複数人で行うレクリエーションで、すべての人とコミュニケーションをとるのが難しい!ということであれば、同僚の方に手伝ってもらったり、当日の人員配置について上司に相談するなど、レクリエーションの最中にご利用者を置き去りにしないよう計画しましょう。
コミュニケーションをとることは、その方のことを知るきっかけになることもありますし、それがその後のより良いケアに繋がる可能性も高いでしょう。ぜひ積極的に話しかけたり、レクについてのアドバイスを投げかけてみましょう。
レクリエーションを行う中で、ルールを聞かれたときにしっかりと答えられなかったり、進行がたどたどしかったりするといまひとつ盛り上がりに欠けてしまうかもしれません。
また、例えばボッチャなどのレクリエーションを行う際に道具を代用するのはよいですが、その代用した道具で同じルールのゲームができるかあらかじめ確かめるなどの確認を怠らないようにしましょう。また、一般的なスポーツのルールは高齢者向けになっていないことも多いので、新しいことにチャレンジする場合は実施する方の身体能力などについても十分検討が必要です。
ちなみにボッチャの道具は日本ボッチャ協会や各市区町村で無料で貸出しもしていますので、道具がない場合は利用してみてください。(市区町村の場合は場所による)
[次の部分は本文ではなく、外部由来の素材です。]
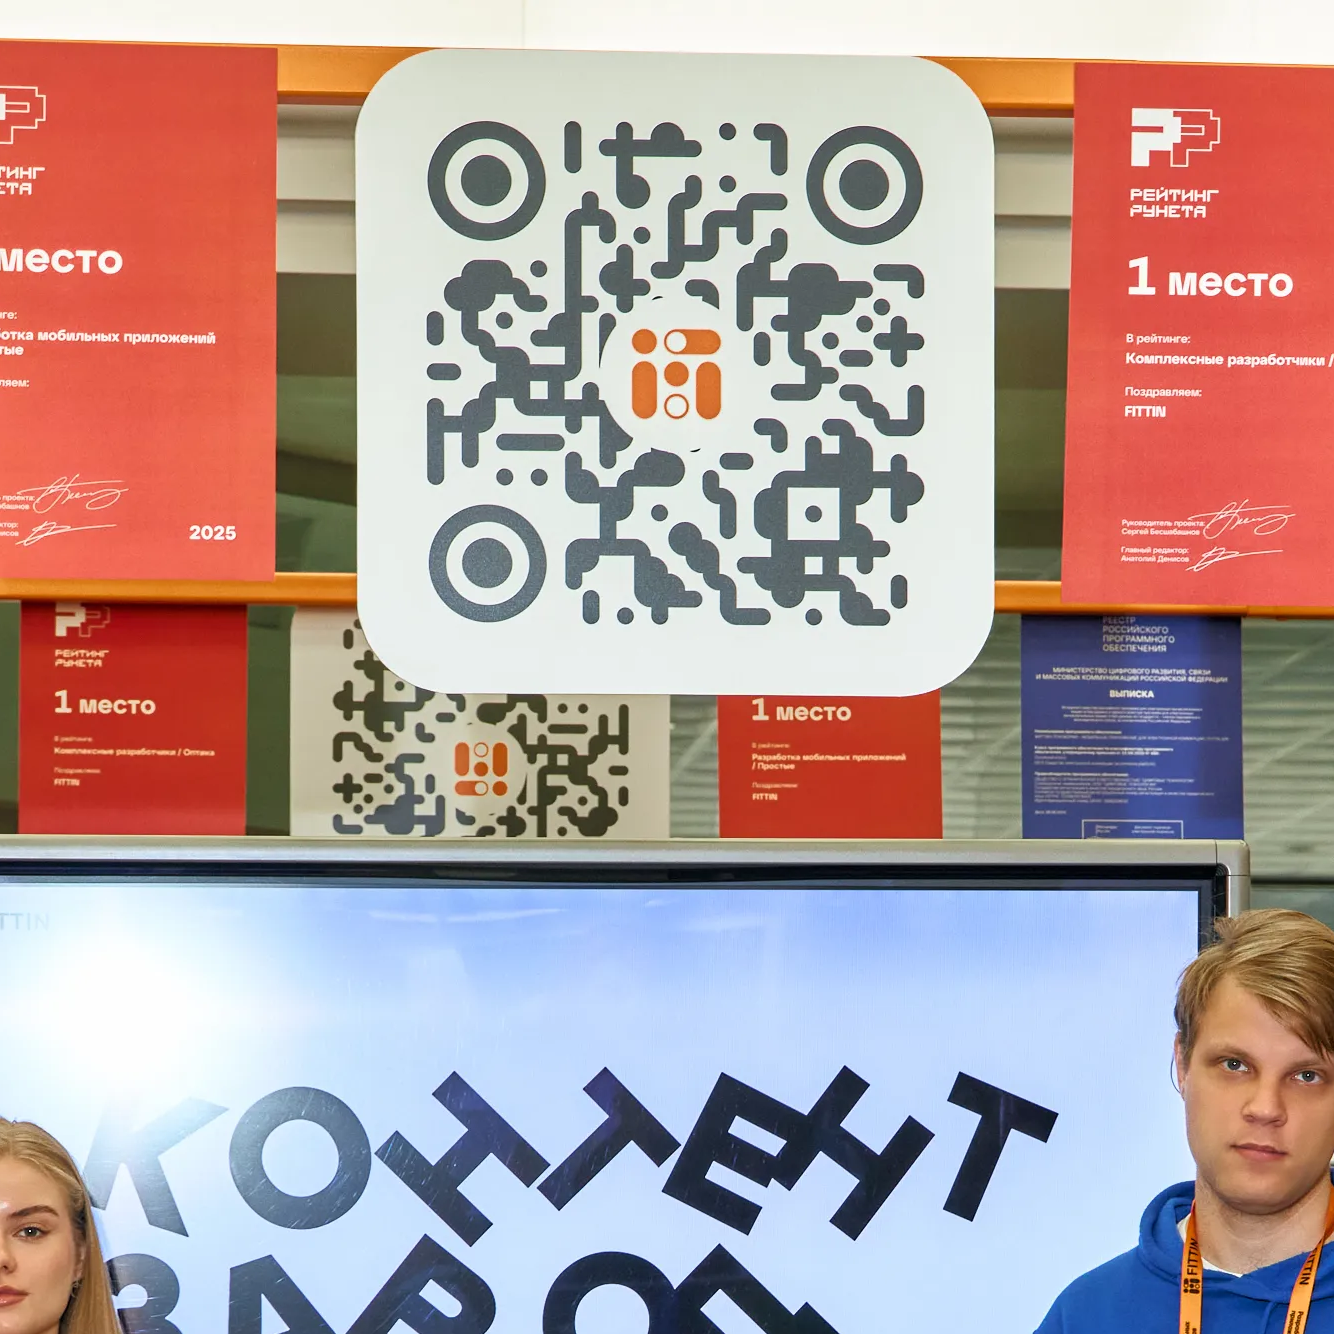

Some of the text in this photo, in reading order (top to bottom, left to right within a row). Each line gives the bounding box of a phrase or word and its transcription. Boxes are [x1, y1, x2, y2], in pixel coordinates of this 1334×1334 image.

[1128, 255, 1293, 297] 1 место
[37, 329, 119, 342] мобильных
[123, 331, 215, 344] приложений
[1125, 352, 1223, 364] Комплексные
[1227, 353, 1325, 367] разработчики
[1124, 405, 1165, 417] FITTIN
[189, 524, 236, 540] 2025
[54, 689, 156, 714] 1 место
[1109, 689, 1155, 699] ВЫПИСКА
[751, 697, 851, 721] 1 место
[83, 1066, 1058, 1243] КОНТЕНТ
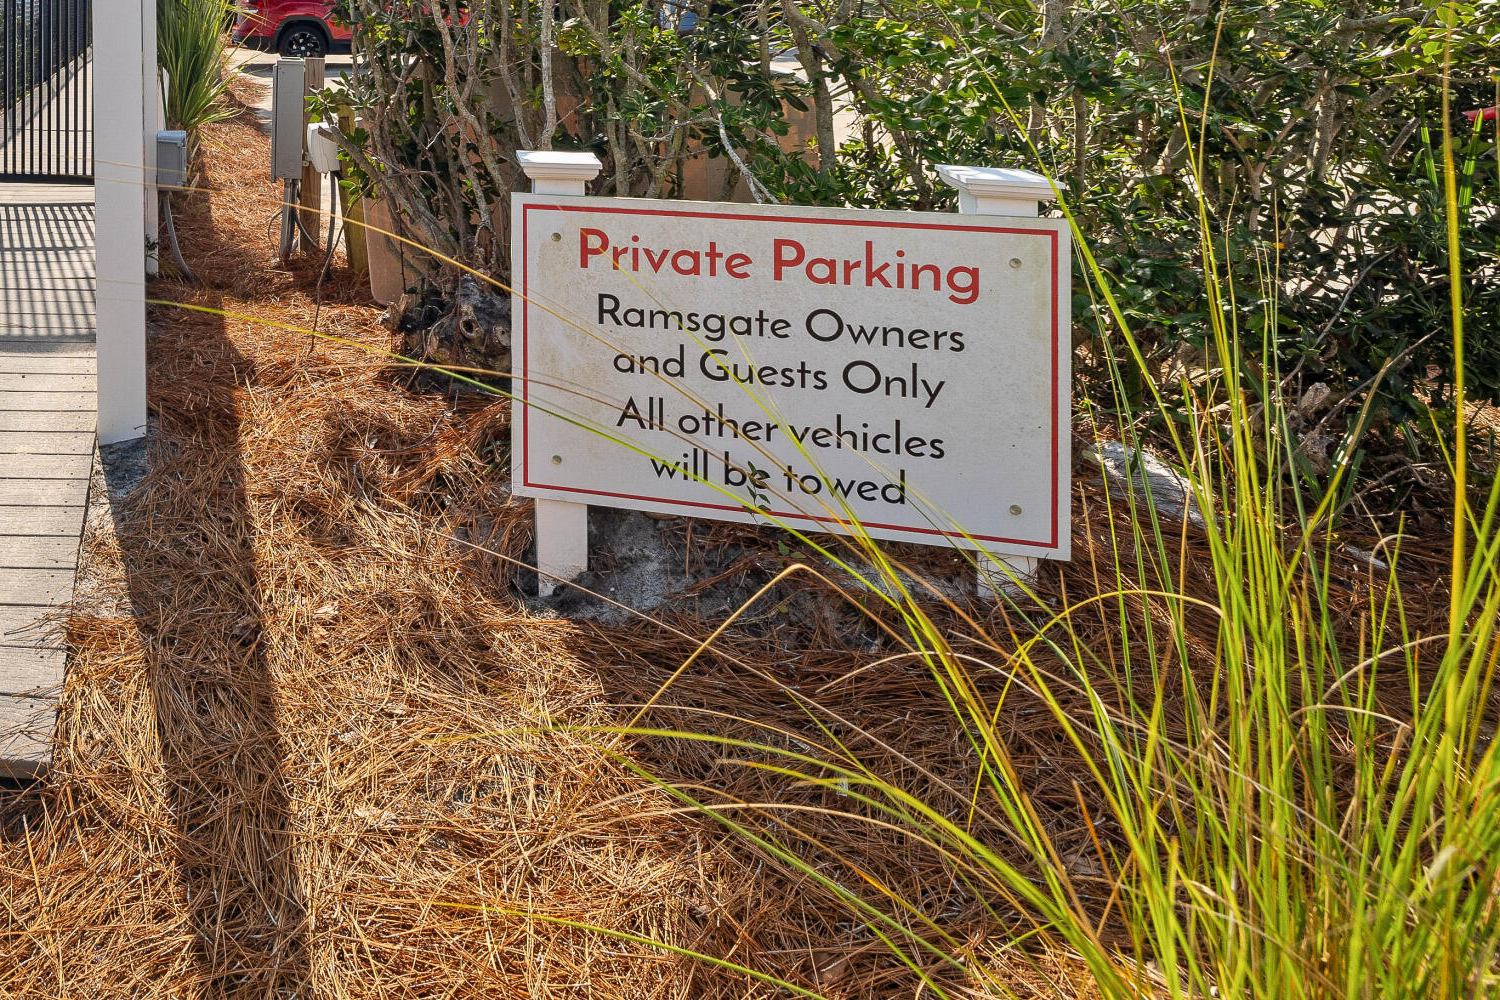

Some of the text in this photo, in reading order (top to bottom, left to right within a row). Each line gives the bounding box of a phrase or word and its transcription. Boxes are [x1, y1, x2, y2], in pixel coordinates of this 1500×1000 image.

[579, 228, 980, 304] Private Parking
[598, 293, 964, 353] Ramsgate Owners
[613, 345, 945, 408] and Guests Only
[617, 396, 945, 459] All other vehicles
[650, 449, 708, 482] will
[784, 464, 906, 505] towed
なかなかレクリエーションに参加してくれないご利用者がいらしたり、司会進行が苦手でレクリエーションに苦手意識を持っている方もいらっしゃると思います。
ただ、レクリエーションは楽しむものです。相手を楽しませようとだけ思うのではなくご自身も一緒に楽しんでください!そのために一緒にレクリエーションに参加したり問題を解いてみるというのもよいでしょう。
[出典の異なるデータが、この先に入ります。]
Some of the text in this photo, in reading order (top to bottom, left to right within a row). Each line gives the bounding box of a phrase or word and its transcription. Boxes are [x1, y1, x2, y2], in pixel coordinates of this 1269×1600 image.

あまりレクリエーションに興味がなかったご利用者もあなたが楽しそうに実施することで、興味を持ってくれることもあります。少なくとも小さな声で自信なさそうに実施しているよりは、よほど参加意欲が刺激されるはずです。
ご利用者と一緒に喜び、楽しむことが次回以降のレクリエーションの参加人数にもつながります。ぜひ笑顔や声の大きさなども意識して楽しんで行いましょう。
ここではおすすめのレクリエーションをご紹介します。介護アンテナ内で人気のコンテンツをご紹介していますので、盛り上がること間違いなし!おすすめポイントや続けるコツなどもご紹介しますので参考にしてみてください。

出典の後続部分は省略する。